An assortment of music and technology news from around the Internet:
Indie music label sponsors BitTorrent site. Florida’s Awesome New Republic, and their music label Honor Roll, decided to try a new strategy to reach potential listeners. They are sponsoring torrent site isoHunt via a banner ad linked to a torrent download of their debut album, Rational Geographic Vol 1. The idea, of course, is to get the word out about their music. [more at TorrentFreak]

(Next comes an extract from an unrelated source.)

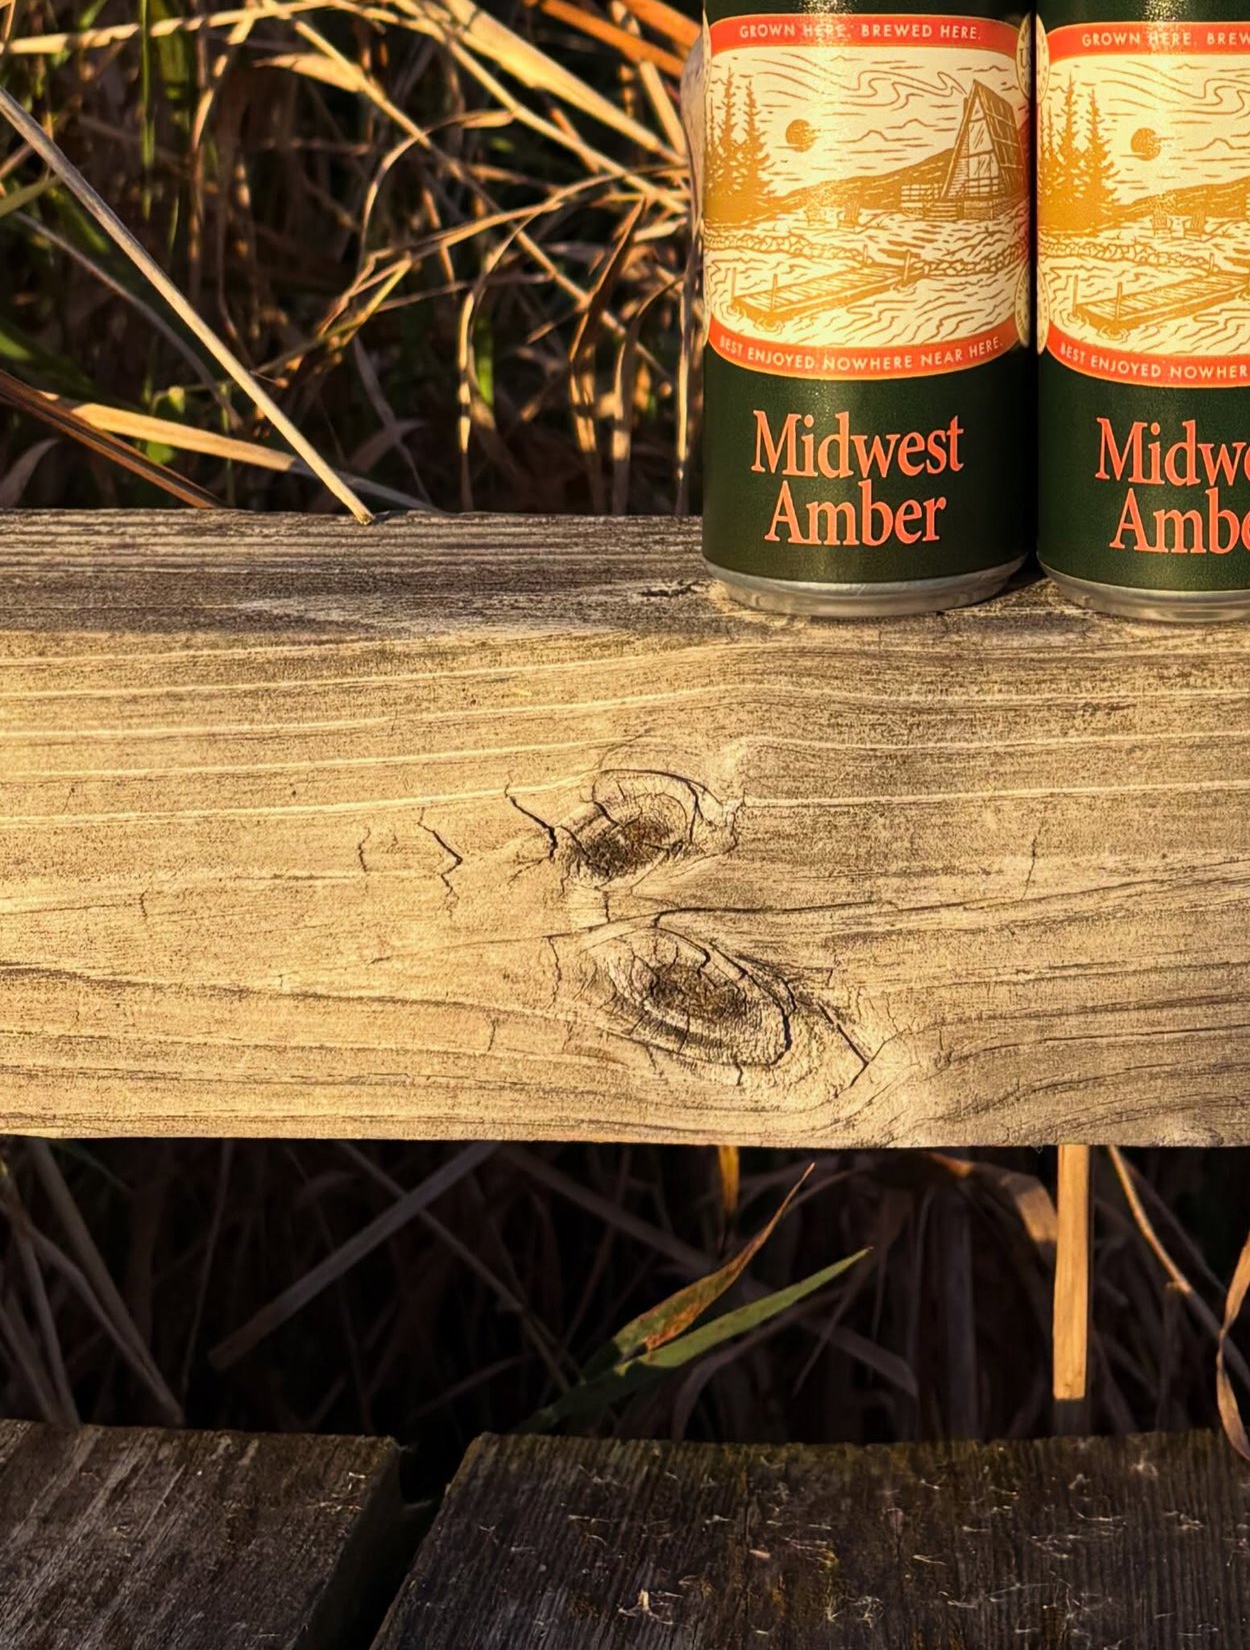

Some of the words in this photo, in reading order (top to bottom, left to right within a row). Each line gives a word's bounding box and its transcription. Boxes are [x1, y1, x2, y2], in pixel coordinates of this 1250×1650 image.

Makers of DJ software to release vinyl. Serato Audio Research, makers of the widely-used DJ software Scratch Live, are releasing tracks on vinyl. In the Scratch system, all the music is in MP3s on a laptop, but the interface to control it is still in the form of two turntables. However, instead of the records storing the music itself, the two records are pressed with ‘control tones,’ which can translate the physical movement of the record by the DJ into a signal used to control the music in software (you can see the regular grooves in the photo above). Serato decided that, since they were pressing vinyl records anyway, they could do something cool with the other side, which has led to Serato Pressings. The first three releases include tracks by Diplo and Blaqstarr, and more records are in the pipeline
Social tagging and music. Paul Lamere wrote a terrific conference paper that includes everything you wanted to know about tags and music: the good, the bad, and the ugly. You can download the paper as a PDF here.
This week’s reading assignment. Canada’s Globe and Mail has been running a terrific series called The Download Decade, including a bunch of feature-length articles: Thank You, Napster; How The iPod Changed Everything; If Piracy is Wrong, Why Does it Feel So Right?; New Media, Old Rules; and the latest, Making Way for the Mobile Decade.